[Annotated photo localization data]
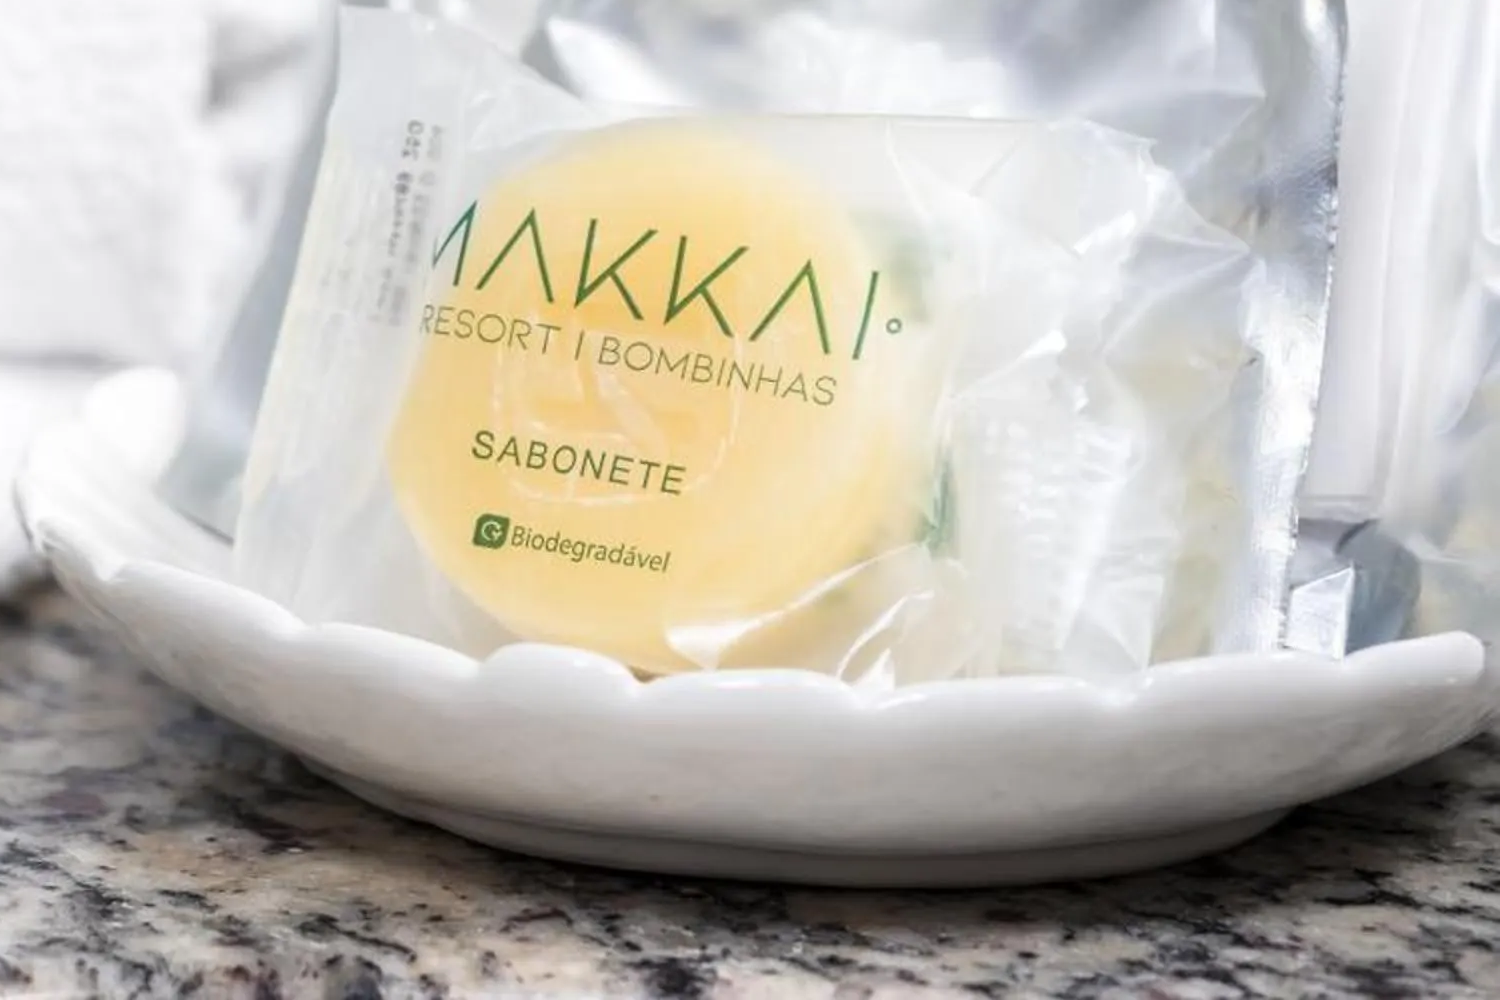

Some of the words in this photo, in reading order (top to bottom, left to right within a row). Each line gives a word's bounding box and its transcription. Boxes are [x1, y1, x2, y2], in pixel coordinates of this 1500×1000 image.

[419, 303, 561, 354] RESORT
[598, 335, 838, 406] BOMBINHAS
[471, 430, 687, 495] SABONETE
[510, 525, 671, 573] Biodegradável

▶ **Exercise objective**
All entries must be written out again exactly as given, with no pictures in the copy.

▶ **Result**
Some of the words in this photo, in reading order (top to bottom, left to right within a row). Each line gives a word's bounding box and its transcription. Boxes are [x1, y1, x2, y2], in pixel coordinates of this 1500×1000 image.

[419, 303, 561, 354] RESORT
[598, 335, 838, 406] BOMBINHAS
[471, 430, 687, 495] SABONETE
[510, 525, 671, 573] Biodegradável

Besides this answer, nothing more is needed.